= Ribka Sibhatu =

Eritrean writer (born 1962)

Ribka Sibhatu (born September 18, 1962) is an Eritrean writer. She writes in Tigrinya and Italian.

== Career ==
She was born in Asmara. She was put in prison in 1979 for one year because she refused to marry an Ethiopian officer and then left the country the following year. She lived in Ethiopia, where she completed high school and studied at the Istituto Tecnico Galileo Galilei. There she married a man from France in 1985 and moved to France the following year, living in Paris and then Lyon. After the marriage ended, she moved to Italy in 1996 and settled in Rome. Sibhatu received a PhD in communication studies from La Sapienza. She worked for the city council in Rome from 2002 to 2005 as a consultant on inter-cultural politics. In 2006, she became a member of the scientific committee for inter-cultural affairs of the Italian Ministry of Education, Universities and Research.

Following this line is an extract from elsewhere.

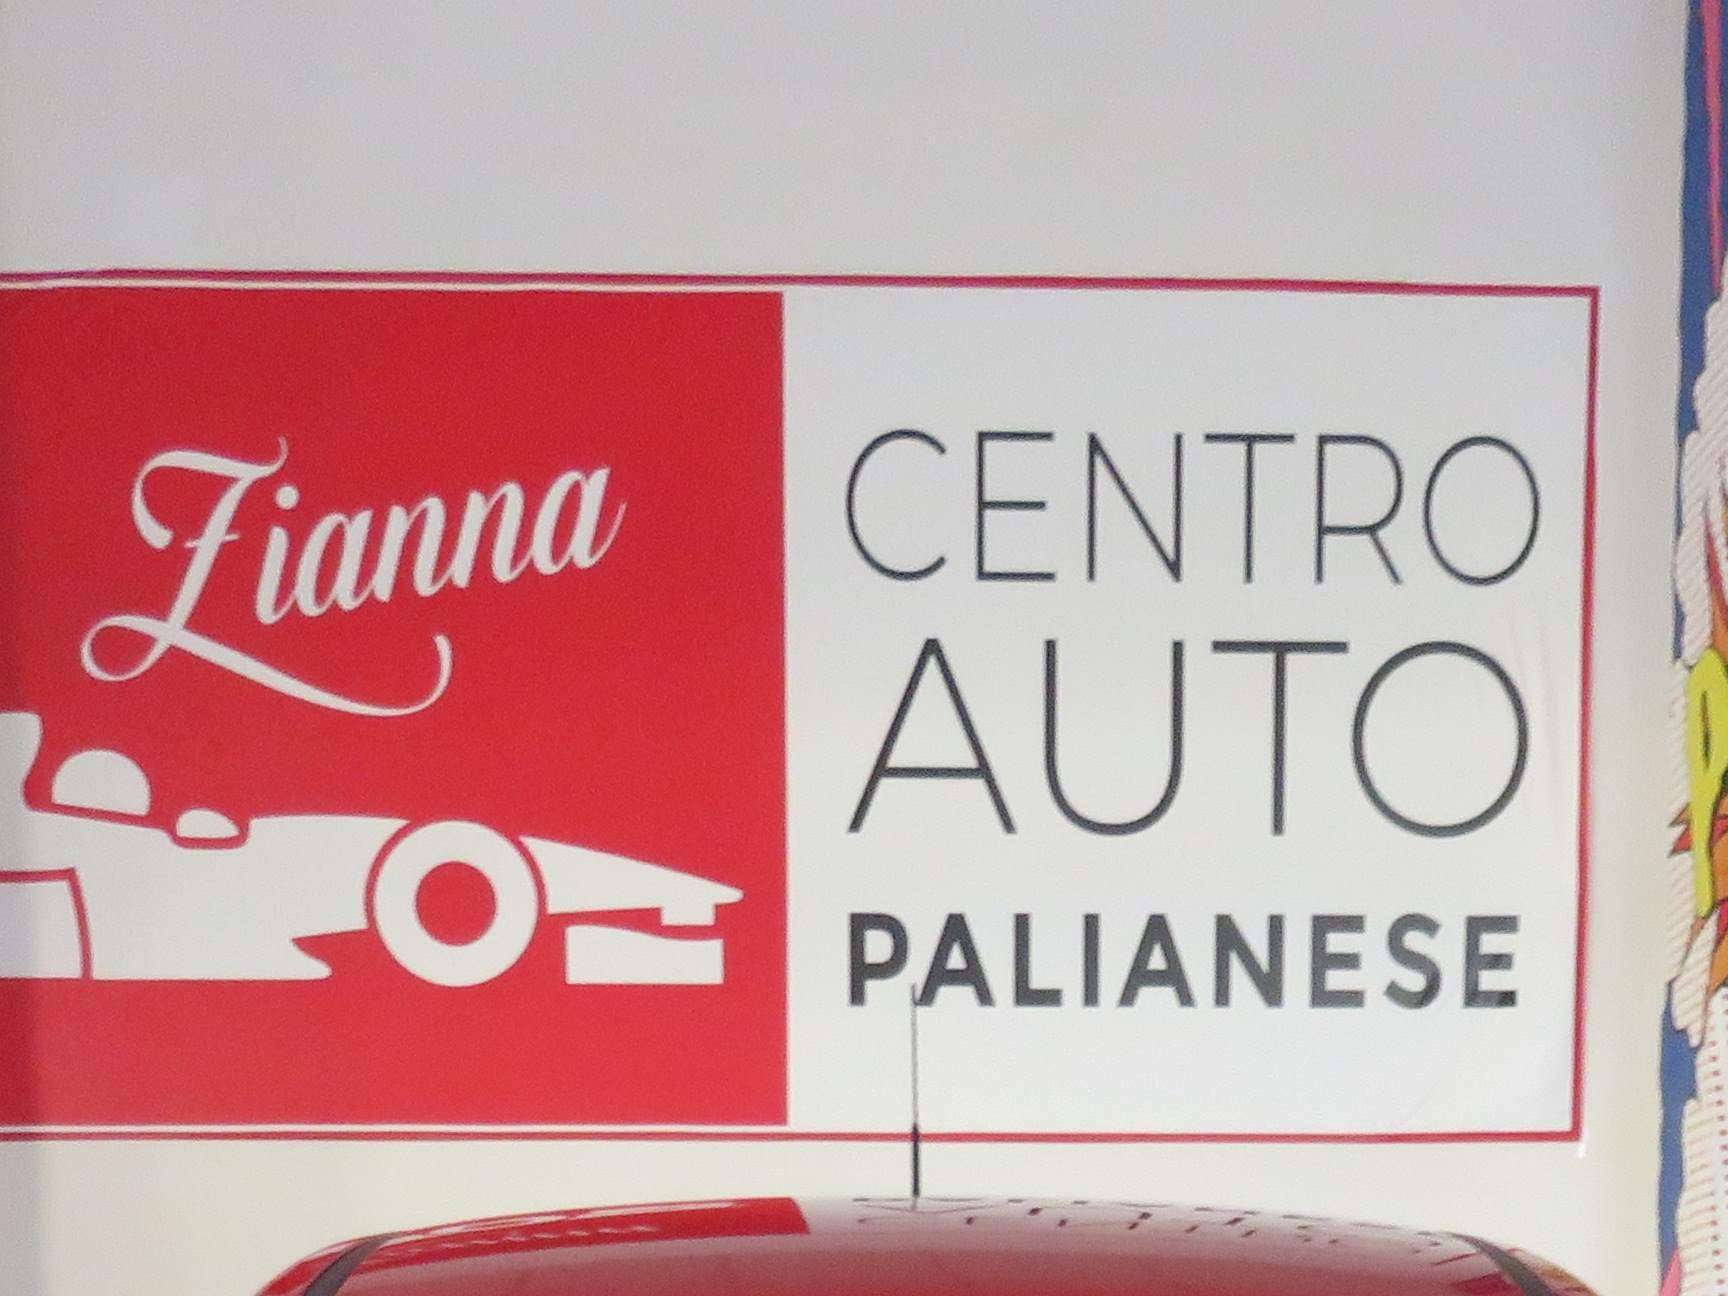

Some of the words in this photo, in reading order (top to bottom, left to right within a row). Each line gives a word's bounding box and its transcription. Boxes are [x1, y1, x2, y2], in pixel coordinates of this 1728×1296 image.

The Centre for the Study of Contemporary Women's Writing (CCWW) has created a documentary about her life.

== Works ==
Sibhatu's works use a traditional Eritrean format, the ‘aulò’, which are spoken poems recited at public events (e.g., weddings, funerals, and commemorations). These ‘aulò’ are memorized and re-interpreted to suit different events.

In 1993, she published Aulò. Un canto-poesia dall'Eritrea, a collection of poems first written in Tigrinya and then translated by Sibhatu into Italian. In 1999, she published Cittadino che non c'è. L'immigrazione nei media Italiani. She published L’esatto numero delle stelle e altre fiabe dell’altopiano eritreo in 2012.

In 2012, Simone Brioni, Graziano Chiscuzzu and Ermanno Guida made a documentary about and with her called Aulò. Roma Postcoloniale.

In Lampedusa is in Modern Poetry in Translation.

In 2022, The Italian Riveter: Two Poems by Ribka Sibhatu, translated by André Naffis-Sahely were published in EuroLitNetwork.